Sou do pequeno grupo que acredita ser o Maneirismo, movimento que seguiu após o renascimento, o criador do homem moderno. No entanto, para além disso, não seria também esse movimento criador do ser humano hipermoderno, nós?
A queda de Ícaro, de Goultizus, não parece mais conosco, do que o Homem Vitruviano? Em sua queda eterna, de corpo distorcido, sem controle sobre a natureza e sem tocar nada? A obra de Da Vinci, parece ser muito mais a pretensão do homem moderno, que no fundo nada mais era do que um ícaro a cair retorcido no ar, sem controle de nada, mas se achando Deus do mundo.
O que Caravaggio tem a ver com toda essa reflexão? Ele foi um dos últimos maneiristas e criador de uma nova forma de construir o mundo, com seus claros e escuros, com seus modelos imperfeitos, com sua dramaticidade da vida, com a dualidade entre mundano e divino.
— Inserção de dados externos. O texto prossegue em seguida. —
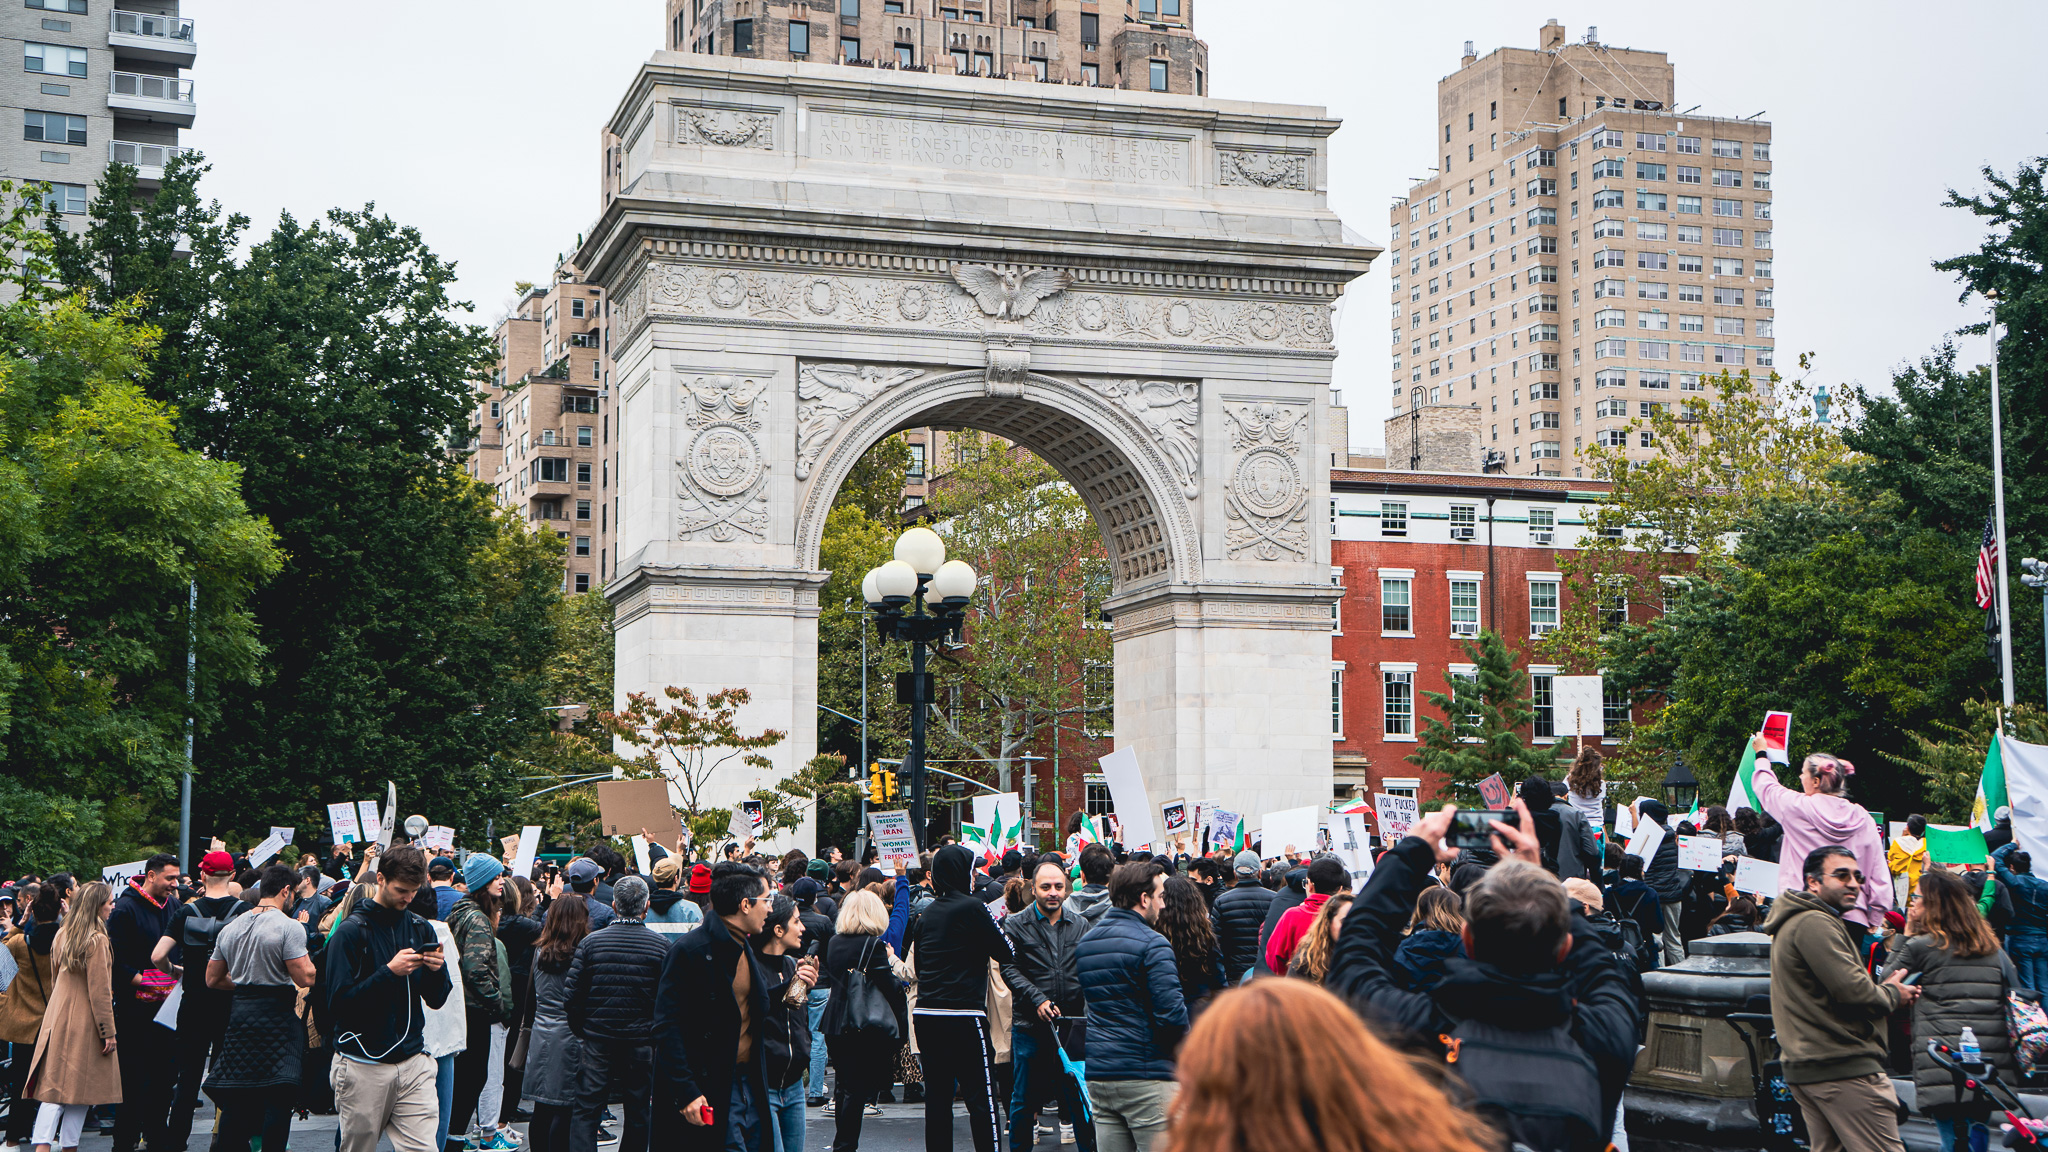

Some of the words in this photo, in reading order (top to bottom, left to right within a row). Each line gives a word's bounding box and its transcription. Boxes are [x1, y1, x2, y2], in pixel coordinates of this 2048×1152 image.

[820, 116, 849, 128] LET
[854, 117, 871, 130] US
[877, 120, 920, 135] RAISE
[927, 125, 936, 136] A
[943, 126, 1024, 143] STANDARD
[1030, 133, 1049, 145] TO
[1055, 135, 1105, 149] WHICH
[1109, 139, 1139, 153] THE
[1145, 142, 1180, 155] WISE
[820, 130, 850, 143] AND
[858, 132, 889, 146] THE
[899, 136, 962, 151] HONEST
[971, 142, 1004, 154] CAN
[1012, 144, 1064, 160] REPAIR
[1091, 151, 1120, 164] THE
[1129, 153, 1180, 168] EVENT
[820, 143, 832, 155] IS
[839, 145, 853, 157] IN
[861, 146, 892, 160] THE
[901, 149, 945, 164] HAND
[953, 154, 972, 166] OF
[980, 156, 1013, 169] GOD
[1078, 163, 1180, 181] WASHINGTON
[1379, 797, 1391, 808] YOU
[1394, 799, 1416, 811] FUCKED
[333, 819, 357, 828] FREEDOM
[1383, 810, 1398, 820] WITH
[1400, 811, 1412, 823] THE
[1390, 821, 1411, 832] WRONG
Ele criou o Barroco.
Será que nós, seres hipermodernos, a quem não cabe mais uma visão dual de mundo, visão moderna, mas que persiste em nós, não compreendemos o maneirismo que somos e a luz que procede vindo de Caravaggio?
Ao olhar-se um quadro dele, a luz e a sombra saltam aos olhos e fazem as ações retratadas, cenas dramáticas, ganharem mais força. A luz, no entanto, muitas vezes irreal, é a que ilumina o que a cena tem de principal, deixando a sombra o resto. A luz de Caravaggio é divina.
No capitalismo hipermoderno, em que não temos controle de nada, mas que achamos ter poder e acesso a tudo, o marketing se tornou a luz de Caravaggio, nos dizendo o que realmente importa, nos mostrando ideias de vida, de relações, de existência. Caindo eternamente, como Ícaro, acreditamos ser Vitruvianos, tomados por visões de mundo mercadológicas que incidem sobre nosso drama de vida como uma luz divina.
É preciso que percebamos que há uma escuridão a nossa volta, que esconde maravilhas e horrorosidades. Precisamos não destruir a luz, mas torná-la nossa e aceitar nossa queda, construindo caminhos em que percebamos que não podemos ver tudo, mas que há uma luz divina que pode emanar de nós para nós e modificar nossos corpos distorcidos.